Task description >> Skip the images and copy each record exactly as written.

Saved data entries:
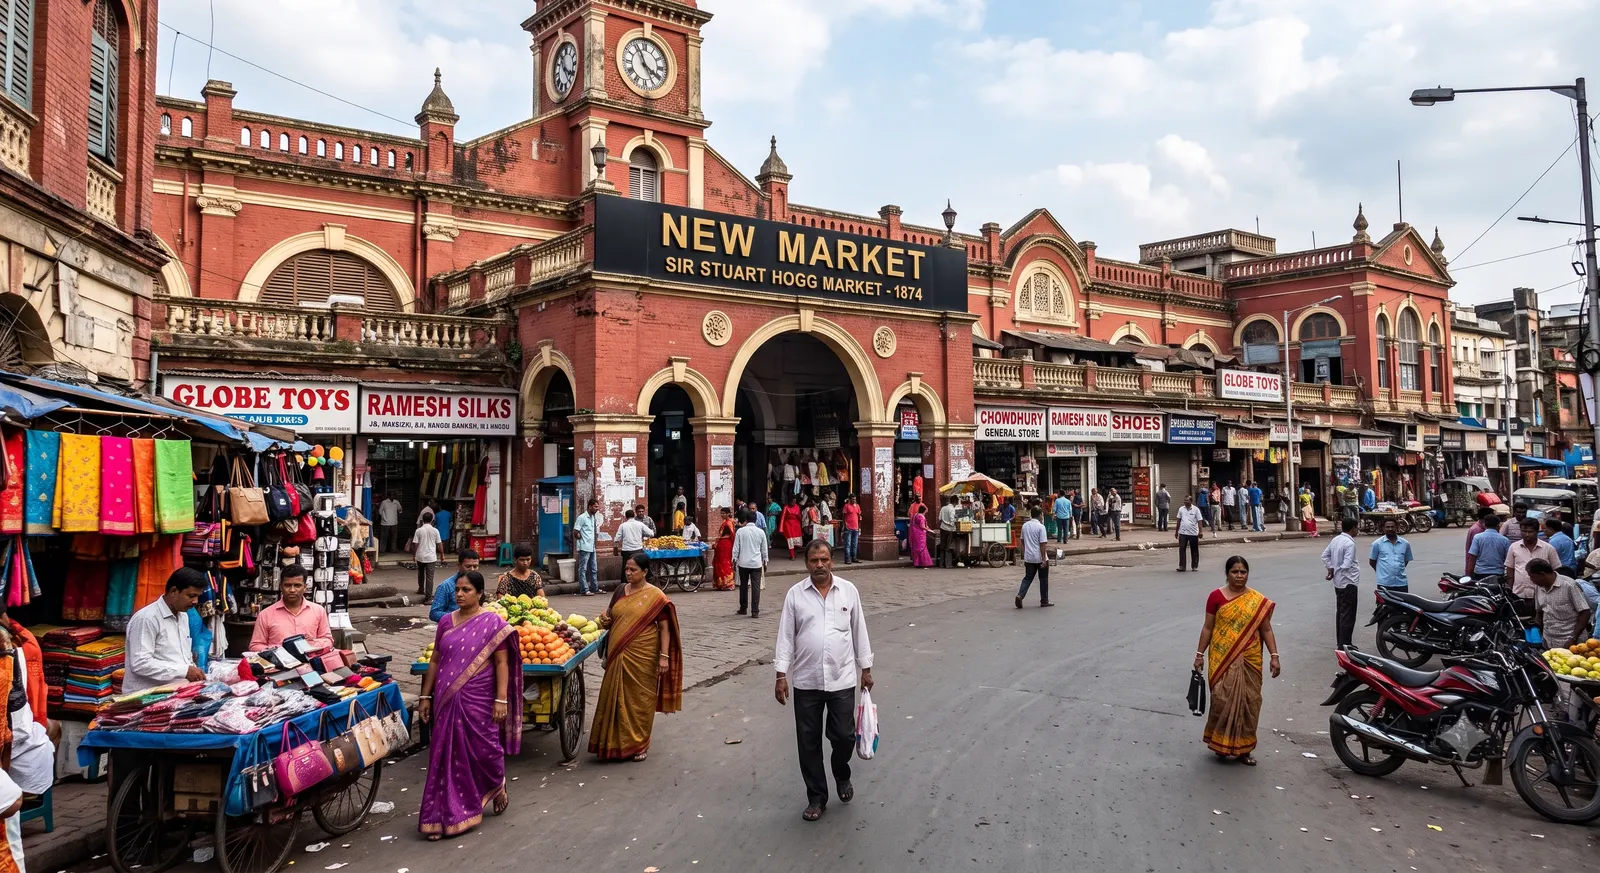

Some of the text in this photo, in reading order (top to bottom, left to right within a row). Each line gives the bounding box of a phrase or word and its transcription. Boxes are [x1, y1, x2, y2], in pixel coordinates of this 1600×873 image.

[662, 211, 926, 280] NEW MARKET
[665, 256, 695, 275] SIR
[700, 260, 766, 283] STUART
[772, 269, 818, 288] HOGG
[822, 276, 883, 296] MARKET
[1224, 373, 1279, 391] GLOBE TOYS
[172, 383, 351, 412] GLOBE TOYS
[367, 393, 512, 419] RAMESH SILKS
[980, 410, 1043, 426] CHOWDHURY
[1051, 412, 1108, 427] RAMESH SILKS
[1111, 415, 1161, 431] SHOES
[984, 427, 1017, 438] GENERAL
[1018, 428, 1040, 438] STORE

Result for this task >>
Some of the text in this photo, in reading order (top to bottom, left to right within a row). Each line gives the bounding box of a phrase or word and its transcription. Boxes are [x1, y1, x2, y2], in pixel coordinates of this 1600×873 image.

[662, 211, 926, 280] NEW MARKET
[665, 256, 695, 275] SIR
[700, 260, 766, 283] STUART
[772, 269, 818, 288] HOGG
[822, 276, 883, 296] MARKET
[1224, 373, 1279, 391] GLOBE TOYS
[172, 383, 351, 412] GLOBE TOYS
[367, 393, 512, 419] RAMESH SILKS
[980, 410, 1043, 426] CHOWDHURY
[1051, 412, 1108, 427] RAMESH SILKS
[1111, 415, 1161, 431] SHOES
[984, 427, 1017, 438] GENERAL
[1018, 428, 1040, 438] STORE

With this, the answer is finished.